[NEohioPAL]CPTHEATRE REINVENTS SELF; NEW PRODUCTIONS IN AREA

Roy Berko royberko at yahoo.com
Sun Jan 5 17:35:01 PST 2003


CLEVELAND PUBLIC THEATRE REINVENTS SELF; SHOW OPEN IN
JANUARY

Roy Berko

(Member, American Theatre Critics Association)

--THE TIMES NEWSPAPERS--

Lorain County Times—Westlaker Times--Lakewood News
Times--Olmsted-Fairview Times	


For many years Cleveland Public Theatre was noted as
the place you went to see "over-the edge," "way-out,"
"avant garde" productions.  Gradually, CPT has
reinvented itself.   It is still the home for plays
and offerings that other entertainment centers won’t
handle, but that isn’t the whole story.

Included in its fall offerings was BLUE SKY
TRANSMISSION: A TIBETAN BOOK OF THE DEAD.  As I stated
in my original review, "Every once in a while a very
special event takes place in a theatre.   It usually
entails a theatre undertaking a subject or a script
that takes the audience on a mythical journey into
thought and introspection.  It also requires that the
production live up to the performance levels demanded
by the script.  Such an experience will be encountered
by those lucky enough to get tickets to BLUE SKY
TRANSMISSION: A TIBETAN BOOK OF THE DEAD at Cleveland
Public Theatre."  The play was then taken to New York
for a run at Cafe LaMama.

Faced with the same financial problems that are being
confronted by most other arts organizations in this
time of a very tight economy.  Randy Rollison, CPT’s
Artistic Director, put on his creative hat and come up
with a wonderful concept...Big [Box].

As he explains it, "Big [Box] is a response to the
time and where we are as artists, audiences and an
arts organization.  The world seems to change in
unsettling ways by the hour." He goes on to say, "We
don’t have much money, but we know how to use the
other resources we have."   What did they do?  The
created a new initiative where, for nine weeks they
have offered one of their performance spaces to new
artist initiate works.    They have turned their Big
[Box] over to dance, jazz and plays.

The offerings started with Antaeus Dance prersenting
INHERENT VICES, an hour-long dance work that centers
on the hours between sunset and sunrise.  It is
divided into three segments: sleeping, sinning and
falling.   Though overlong and repetitious, the
intense ballet consisted of the performers jumping,
writhing, posing, rolling, and lifting each other. 
Though the dancers were sometimes out of sync, the
overall effect was an interesting evening of dance.

 
 Upcoming events include:  
January 10-12 – Rasheryl McCreary--SCAT!, a jazz play
that uses drama and music to explore the life of Ella
Fitzgerald.   McCreary is noted for her outstanding
work in THE AMEN CORNER at The Cleveland Play House.  
January 17-19 – Aaron Rapljenovic and Robert
Wesner--uses music, movement and visual arts to
explore universal themes that influence all of us.

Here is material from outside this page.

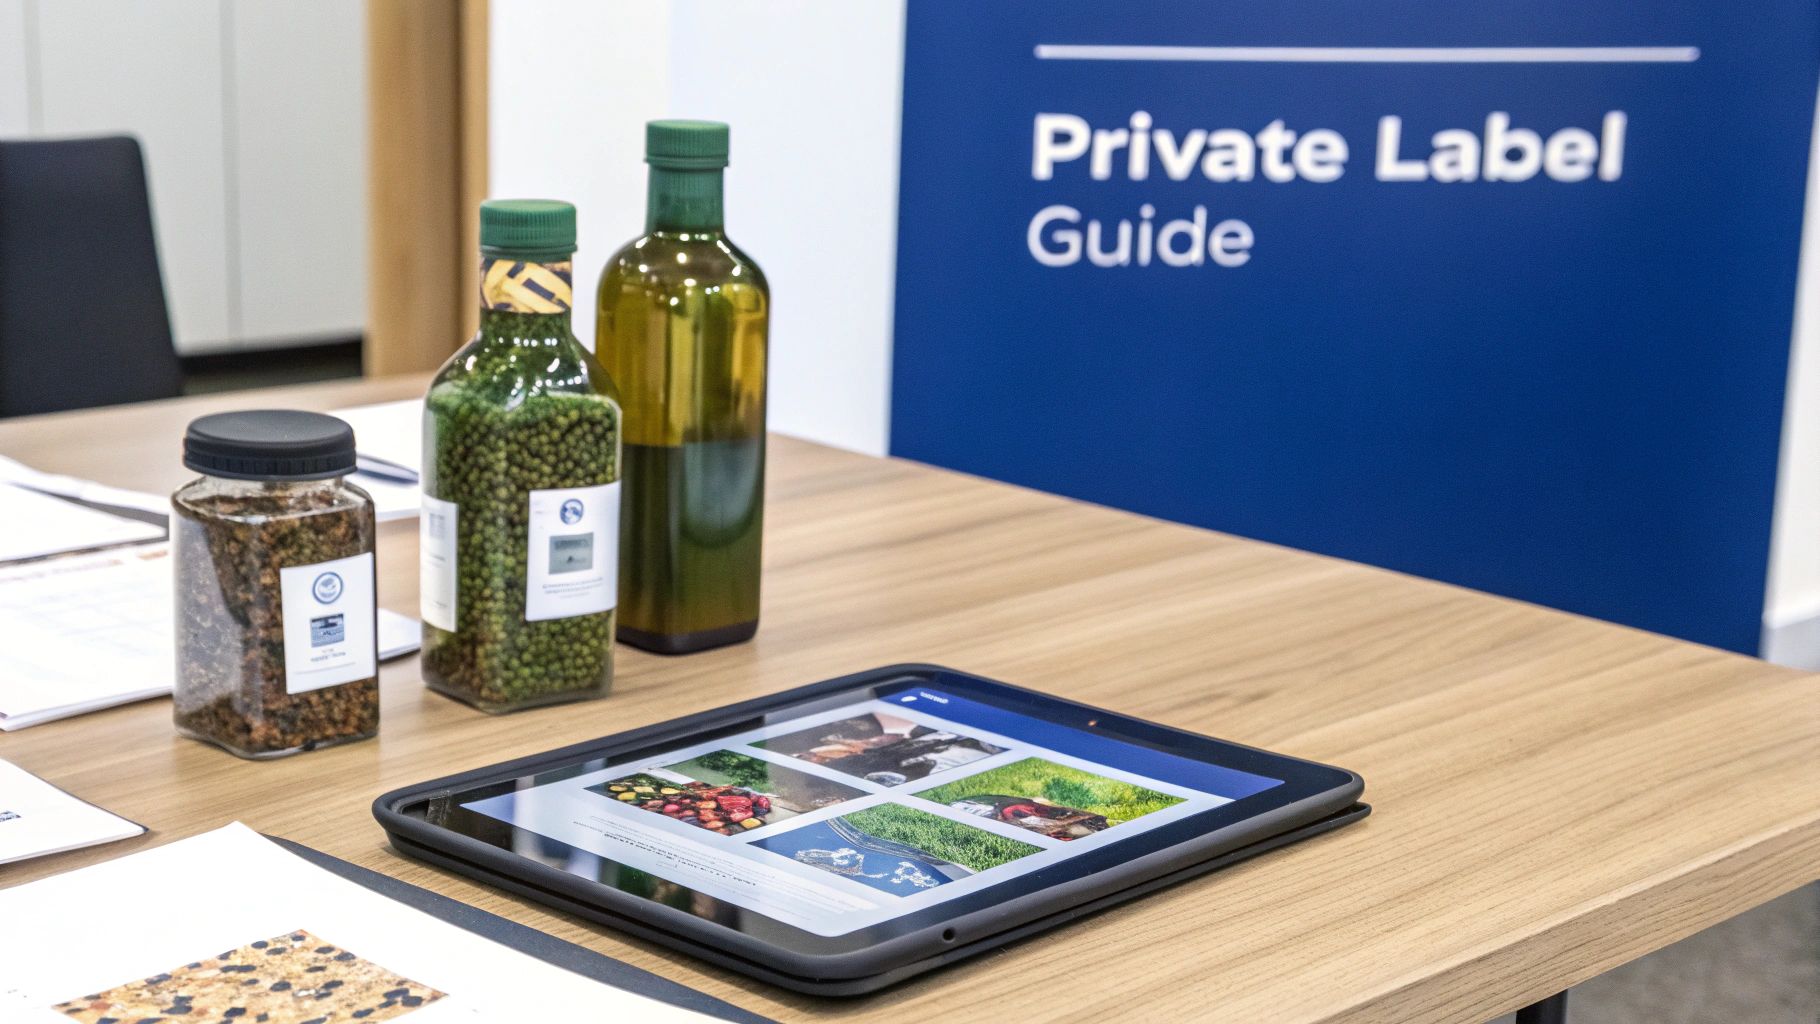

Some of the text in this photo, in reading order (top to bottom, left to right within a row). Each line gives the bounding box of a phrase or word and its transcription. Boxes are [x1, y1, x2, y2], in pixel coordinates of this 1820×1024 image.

[1032, 110, 1627, 183] Private Label
[1027, 204, 1254, 267] Guide

January 24-26 – Michael D. Sepesy, a Cleveland
playwright examines Loserville.  "Loserville sheds
light on the American experience through a series of
serio-comic monologues that celebrate the dysfunctions
of our country’s losers."

February 7-9 – Writer/director Christopher Johnston’s
one-act play THEORIES OF RELATIVITY considers the good
and bad of long-term relationships between men and
women.  

February 14-16 – The Wild Plum Theatre Company deals
with plays that concern gay, lesbian, bi and
transgender concerns.  This is the debut of this new
company led by Artistic Director Denise Astorino.

February 21-23 – Director Greg Vovos presents Eric
Kaiser’s new play which is called a cross between
BoyzN the Hood and the works of Samuel Beckett. 

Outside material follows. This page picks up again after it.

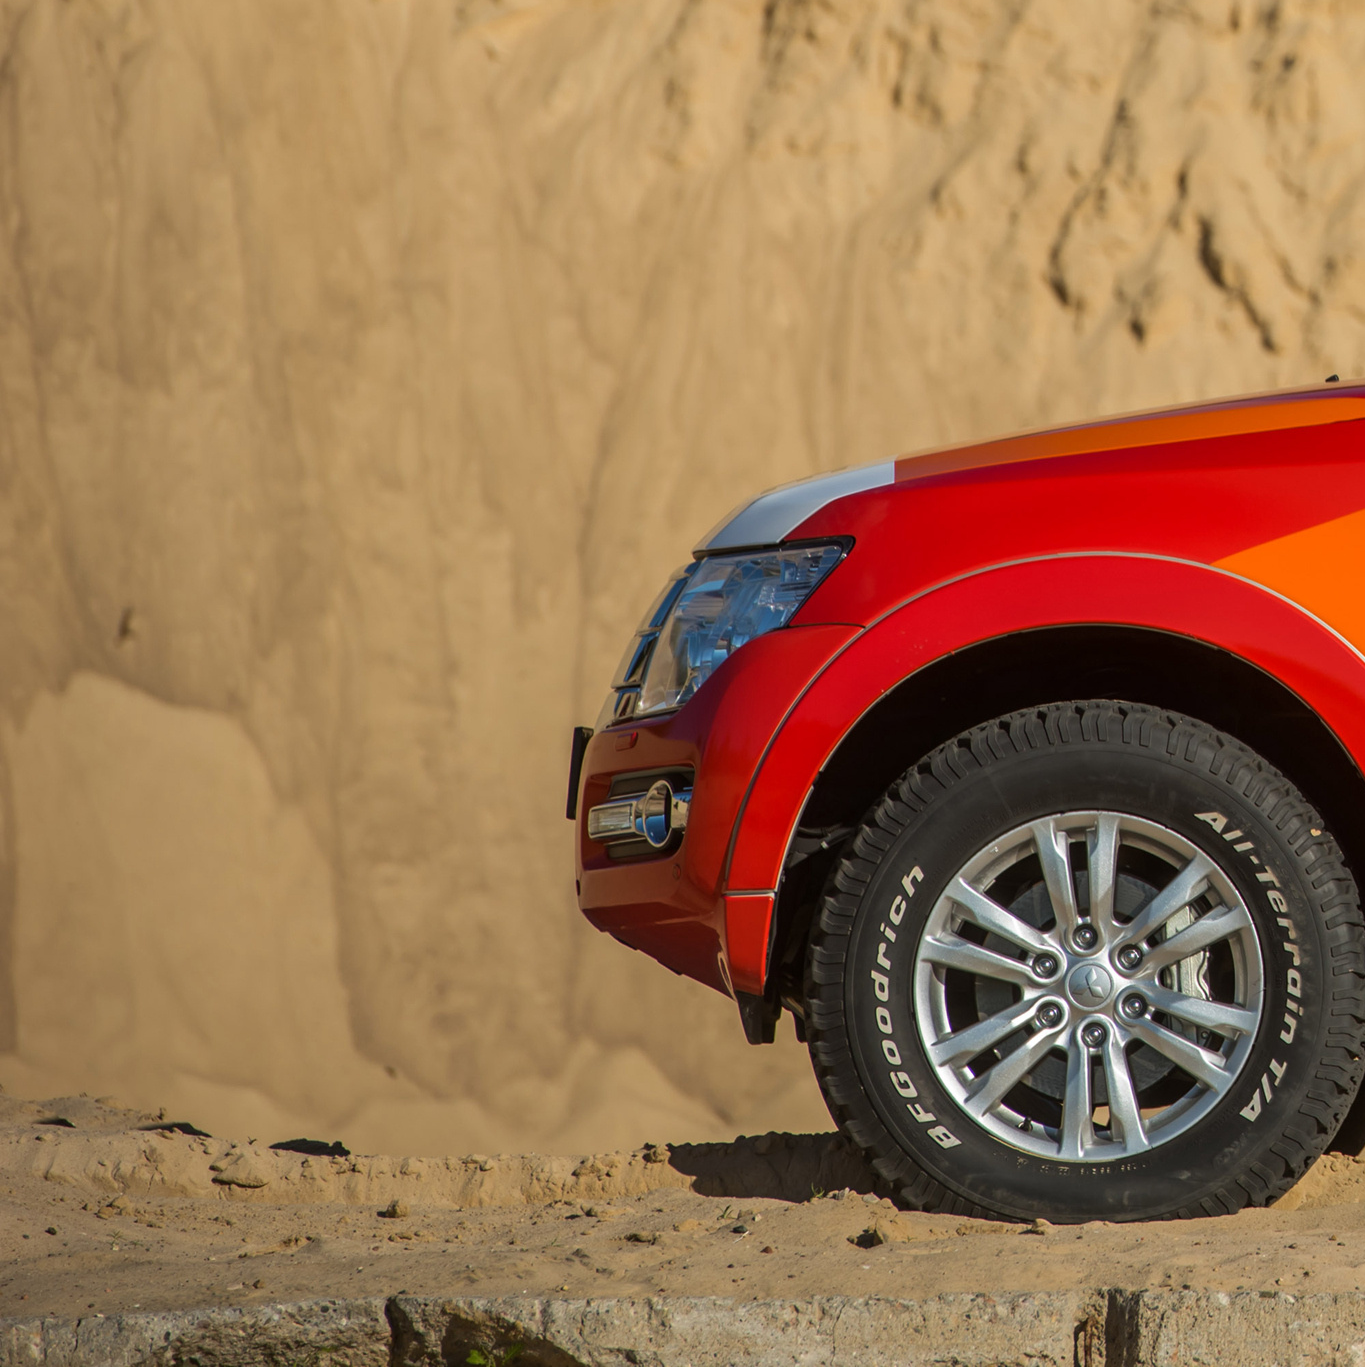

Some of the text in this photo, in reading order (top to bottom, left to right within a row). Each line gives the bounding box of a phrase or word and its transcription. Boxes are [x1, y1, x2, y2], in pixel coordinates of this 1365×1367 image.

February 28 – March 2 –I HATE THIS is a solo
performance by David Hansen that takes the audience on
an honest, horrible and even humorous trip through the
reality of still birth.
 
Tickets for each show are $10.  Performances run
Friday through Sunday.  For details and tickets call
Cleveland Public Theatre at 216-631-2727.

OPENING AT LOCAL THEATRES IN JANUARY

Productions to look for this month include:

STONES IN HIS POCKETS, Palace Theatre, January 7-19. 
The recipient of 3 Tony Award nominations the play
examines the shooting of a Hollywood film being shot
in an Irish village in County Kerry.  (216-241-6000 or
www.playhousesquare.com.)

THE TALE OF THE ALLERGIST’S WIFE, Dobama, January
17-February 9.  Direct from Broadway, Charles Busch’s
play has been called "an intelligently funny
satirically relevant uptown comedy." (216-932-6838)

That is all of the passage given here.